Apollo Go bukanlah satu-satunya yang memiliki ambisi di luar negeri—rekan-rekan China seperti Pony.ai dan WeRide juga sedang meningkatkan rencana internasional mereka. Salah satu pendorong utama di balik tren ini adalah perubahan peraturan di pasar utama. Sebagai contoh, Departemen Transportasi Inggris meluncurkan konsultasi publik tentang kerangka perizinan untuk layanan kendaraan otonom pada 21 Juli, dengan tanggapan yang harus diserahkan pada 28 September. Konsultasi ini menandai dimulainya pembuatan peraturan formal untuk taksi otonom, kendaraan sewaan pribadi, dan bus, dengan layanan percontohan yang diharapkan dapat beroperasi di jalan pada musim semi 2026.
Pergeseran teknologi memperkuat persaingan tiga pihak
Robin Li telah menandai tahun 2025 sebagai tahun penting untuk perluasan skala global Apollo Go, dengan menekankan kemitraan dengan operator layanan seluler, perusahaan taksi, dan operator armada sebagai bagian dari strategi tersebut. Laba kuartal pertama (Q1) Baidu menunjukkan momentum yang kuat: pendapatannya naik 7% tahun ke tahun menjadi 32,5 miliar yuan, dengan bisnis intinya menyumbang 25,5 miliar yuan. Apollo Go saja telah memberikan 1,4 juta perjalanan dalam kuartal tersebut—naik 75% dibandingkan tahun sebelumnya—dan melampaui 11 juta perjalanan kumulatif secara global pada Mei 2025.
Di panggung dunia, Apollo Go, Waymo, dan Tesla mendominasi pembicaraan tentang Robotaxi. Persaingan ini tidak hanya terjadi di antara perusahaan—tetapi juga merupakan persaingan geopolitik untuk kepemimpinan teknologi. Sebagai pelopor awal dalam ekosistem Robotaxi di Tiongkok, dorongan luar negeri Apollo Go langsung menantang raksasa-raksasa AS tersebut, menjadikannya perwakilan utama dari ambisi mengemudi otonom Tiongkok.

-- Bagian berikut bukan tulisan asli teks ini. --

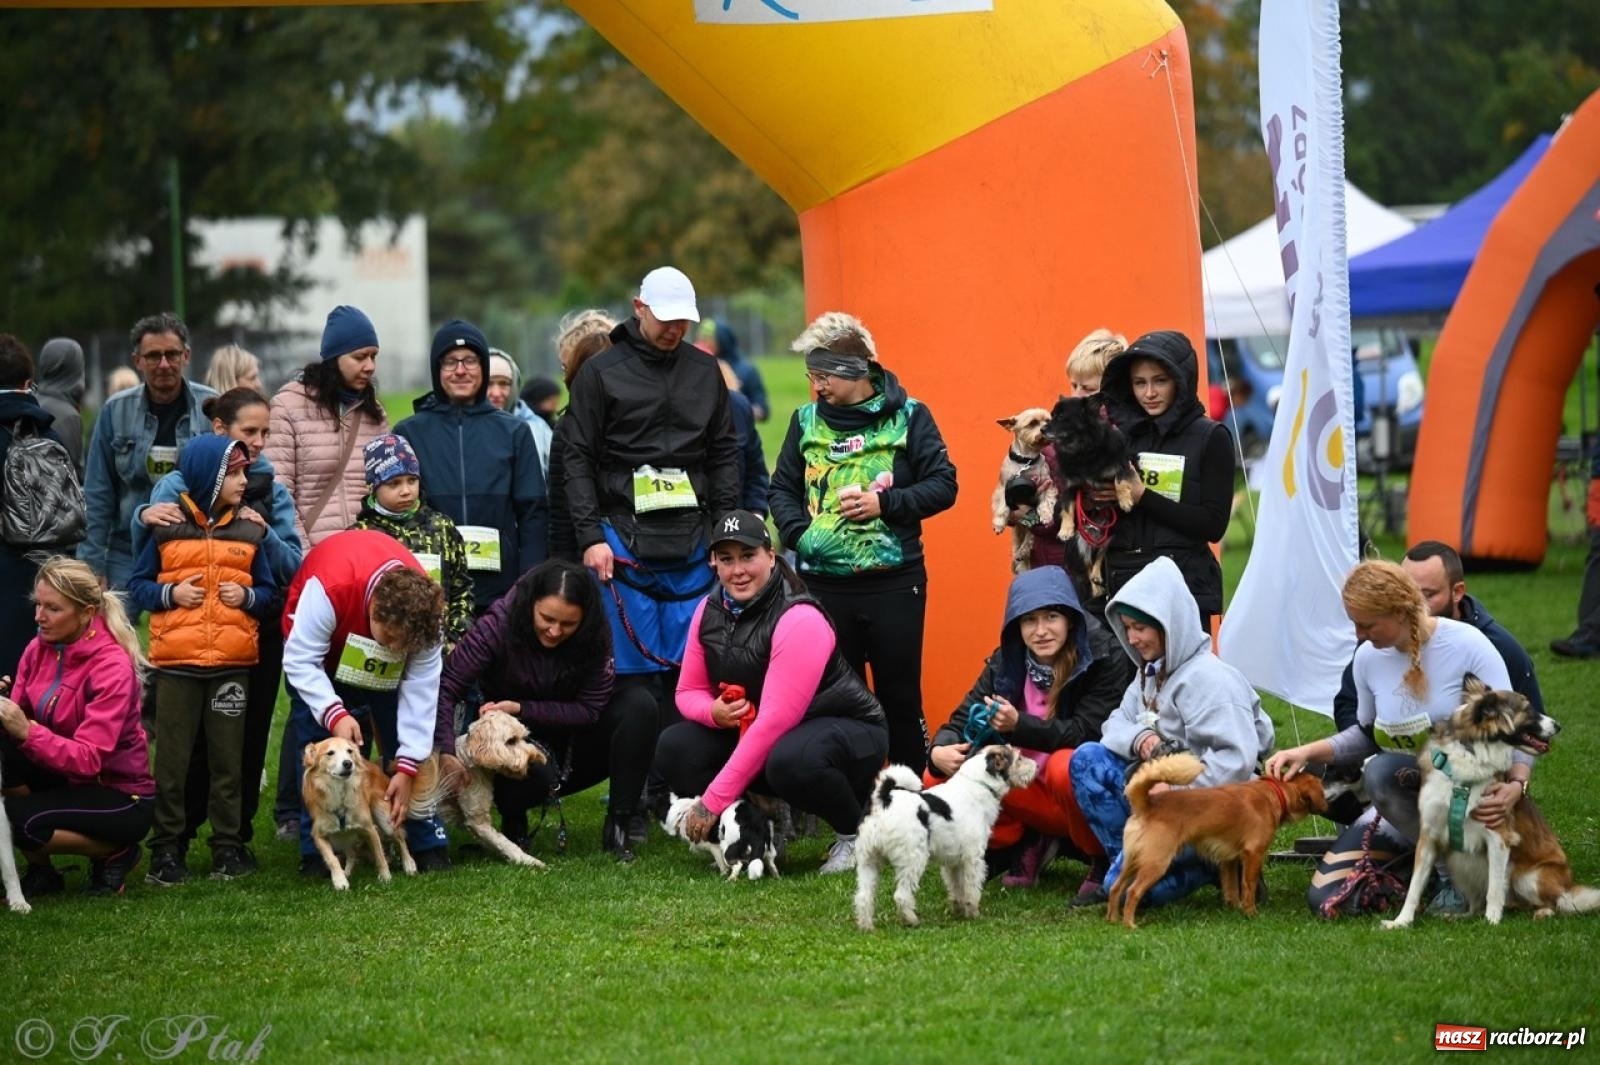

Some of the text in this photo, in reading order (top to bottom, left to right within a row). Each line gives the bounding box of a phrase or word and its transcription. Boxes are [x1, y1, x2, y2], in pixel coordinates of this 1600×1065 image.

Ketiga perusahaan tersebut sangat berbeda dalam buku panduan teknis mereka. Waymo mengandalkan pemetaan definisi tinggi (HD) dan fusi multi-sensor—pendekatan yang membutuhkan pembuatan peta sendiri dan pengembangan sistem LiDAR dan kamera, sehingga mendorong biaya kendaraan menjadi sekitar 200.000 dolar AS per unit. Sebaliknya, Tesla bertaruh pada pendekatan berbasis penglihatan murni tanpa peta HD.
Armada global Apollo Go akan menampilkan kendaraan generasi keenamnya, yaitu RT6, yang dikembangkan bersama dengan JMEV dan diperkenalkan pada Apollo Day 2024. Model ini mengurangi biaya hingga 60% dibandingkan dengan pendahulunya, sehingga harga per unit turun menjadi sekitar 204.700 yuan.

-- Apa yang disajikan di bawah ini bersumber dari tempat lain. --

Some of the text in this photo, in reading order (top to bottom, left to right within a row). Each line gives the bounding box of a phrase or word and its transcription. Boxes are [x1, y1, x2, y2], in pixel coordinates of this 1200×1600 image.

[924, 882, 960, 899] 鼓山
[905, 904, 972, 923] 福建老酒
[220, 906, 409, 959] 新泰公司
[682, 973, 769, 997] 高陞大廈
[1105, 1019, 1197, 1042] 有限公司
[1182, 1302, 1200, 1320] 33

Persaingan di AS semakin intensif. Tesla meluncurkan layanan percontohan Robotaxi di Austin pada 22 Juni 2025, dan hanya dalam 22 hari telah memperluas area layanannya dari 51 menjadi 109 kilometer persegi, melampaui jejak Waymo di kota tersebut.
Sementara itu, Waymo telah mengumumkan pengajuan permohonan izin untuk pemetaan dan pengujian kendaraan di New York City dan sedang melobi untuk perubahan hukum untuk menerapkan mobil tanpa pengemudi penuh di negara bagian tersebut.
Robin Li, dalam pidato internal pada bulan Juli, mengungkapkan perubahan dalam peta jalan teknis Apollo Go menuju pendekatan berbasis penglihatan saja, yang lebih sesuai dengan strategi Tesla. Ia memperingatkan bahwa jika Baidu tidak cepat merebut pangsa pasar dan memperbaiki teknologinya, keunggulan Tesla yang terus bertambah bisa menjadi tidak teratasi.
Karena sektor Robotaxi mendekati titik kritis untuk komersialisasi massal, taruhannya lebih tinggi dari sebelumnya. Apakah ekspansi global yang agresif dan perubahan strategis Apollo Go akan mengamankan posisi dominannya—atau apakah Waymo dan Tesla akan mengonsolidasikan keunggulan mereka—tetap menjadi pertanyaan penting untuk fase berikutnya dari mobilitas otonom.